Note that none of the links below are “affiliate” links and we have no financial interest in what parts you buy - any recommendations below are just based on our experiences with the components.

DC gearmotor¶

An electric motor converts electrical to mechanical energy. This particular model is a 47:1 brushed DC gearmotor from Pololu, meaning that the particular arrangement of permanent magnets, electromagnets and brushes allows it to run continuously using a steady DC voltage. This model also has a built-in quadrature encoder, enabling us to precisely determine the shaft position by counting the encoder pulses.

An idealized physics model of such a motor represents the electrical component as an RL circuit, and the mechanical component as damped rotational motion coupled via a linear torque/back EMF relationship:

../../_images/dc_motor.png ../../_images/dc_motor_dark.png

The current \(i(t)\) through the RL loop responds to applied voltage \(V(t)\), activating the electromagnets and producing both a torque on the motor shaft and a back EMF in the electrical circuit. The motor shaft is connected to the output shaft via a planetary gear with ratio \(G\), resulting in a scaled torque on the output shaft, which is moving with angular velocity \(\omega(t)\).

For inductance \(L\), resistance \(R\), back EMF constant \(k_\mathcal{E}\), gear ratio \(G\), effective rotational inertia \(J\), and viscous damping constant \(b\), the ideal governing equations are:

\[\begin{split} \begin{align*} L \frac{di}{dt} &= V - iR - k_\mathcal{E} \omega \\ J \frac{d\omega}{dt} &= G k_\mathcal{E} i - b \omega. \end{align*} \end{split}\]

Of course, the output shaft position \(\theta(t)\) is simply the integrated angular velocity: \(\dot{\theta} = \omega\). This model neglects more complex phenomena like backlash and Coulomb friction, but as we will see, it is sufficiently accurate for our purposes. Without these effects, the model is purely linear and can be written as a transfer function from applied voltage \(V(s)\) to position \(\theta(s)\):

\[ \frac{\theta}{V} = \frac{Ls + (G k_\mathcal{E}^2 + R)}{s(Ls + R)(Js + b)} \]

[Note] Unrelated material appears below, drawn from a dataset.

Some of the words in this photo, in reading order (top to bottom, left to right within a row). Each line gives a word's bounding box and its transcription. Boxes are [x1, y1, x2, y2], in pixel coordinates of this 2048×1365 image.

The poles of this transfer function indicate two time constants: an electrical constant \(\tau_e = L / R\) (around 1 ms) and a mechanical one \(\tau_m = J / b\) (around 100 ms).

Motor driver circuit¶

Brushed DC motors are relatively simple to operate, but they do require some “driver” electronics, typically at least an H-bridge circuit to switch a higher-voltage power supply using the logic-level PWM signal and to invert polarity for speed reversals.

As shown by the diagram above, we will model the H-bridge driver mathematically as a simple linear gain from the pulse width modulation (PWM) duty cycle \(u(t)\) to applied voltage \(V(t)\) based on nominal supply voltage \(V_0\). Again, for our purposes this is a reasonably accurate model, though it does neglect high-frequency switching, MOSFET effects, etc.

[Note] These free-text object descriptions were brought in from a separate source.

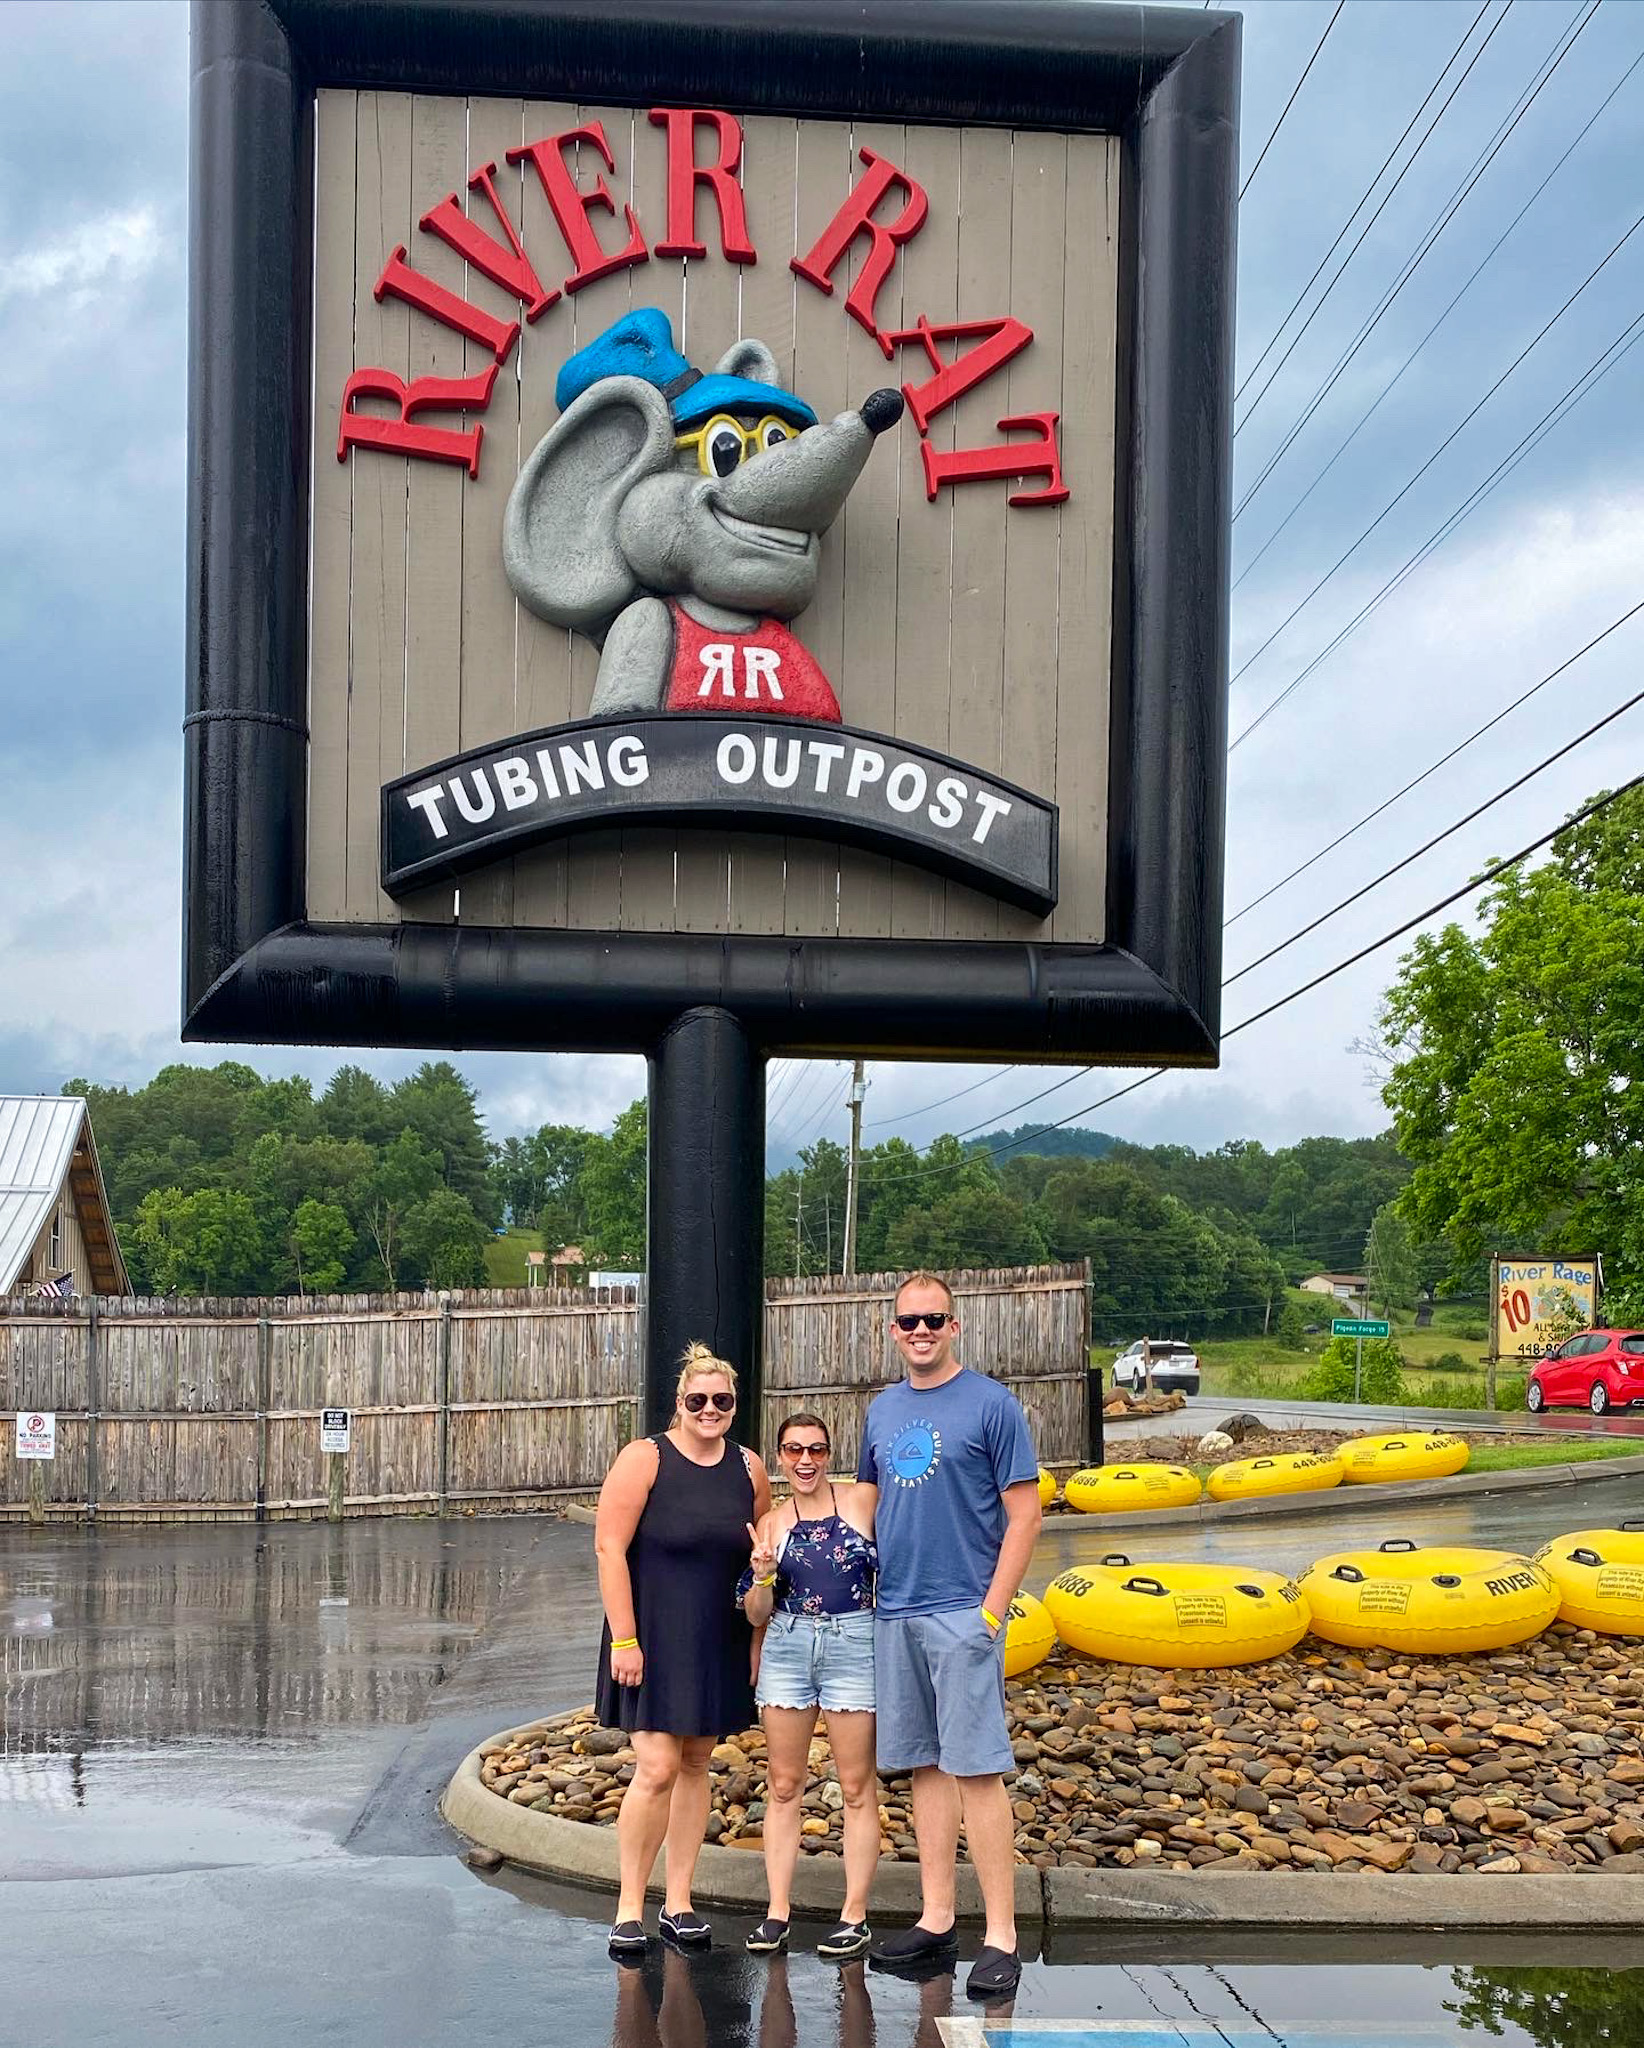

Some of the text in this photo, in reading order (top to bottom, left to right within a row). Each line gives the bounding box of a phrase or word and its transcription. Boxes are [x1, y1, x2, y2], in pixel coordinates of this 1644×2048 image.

[336, 108, 1071, 507] RIVER RAT
[406, 733, 1013, 844] TUBING OUTPOST
[1500, 1261, 1592, 1286] River Rage
[1539, 1333, 1545, 1342] &
[1484, 1572, 1538, 1596] RIVER

The driver used in this tutorial is also a Pololu model: the VNH5019 motor driver carrier board. While more expensive than a bare H-bridge, this board has some protection features that make it robust to off-nominal voltage, current, and temperature levels (not always uncommon during prototyping!). It also has built-in current sensing, with a pin that outputs an analog voltage proportional to motor current. This is useful for characterization (see Part 2), debugging, direct torque control, and the current control loop of a cascaded position or speed controller.

In addition to the built-in current output, we will also directly measure the voltage on the output side of the driver via voltage dividers and simple RC filters (to smooth out the PWM switching). The full circuit is shown below.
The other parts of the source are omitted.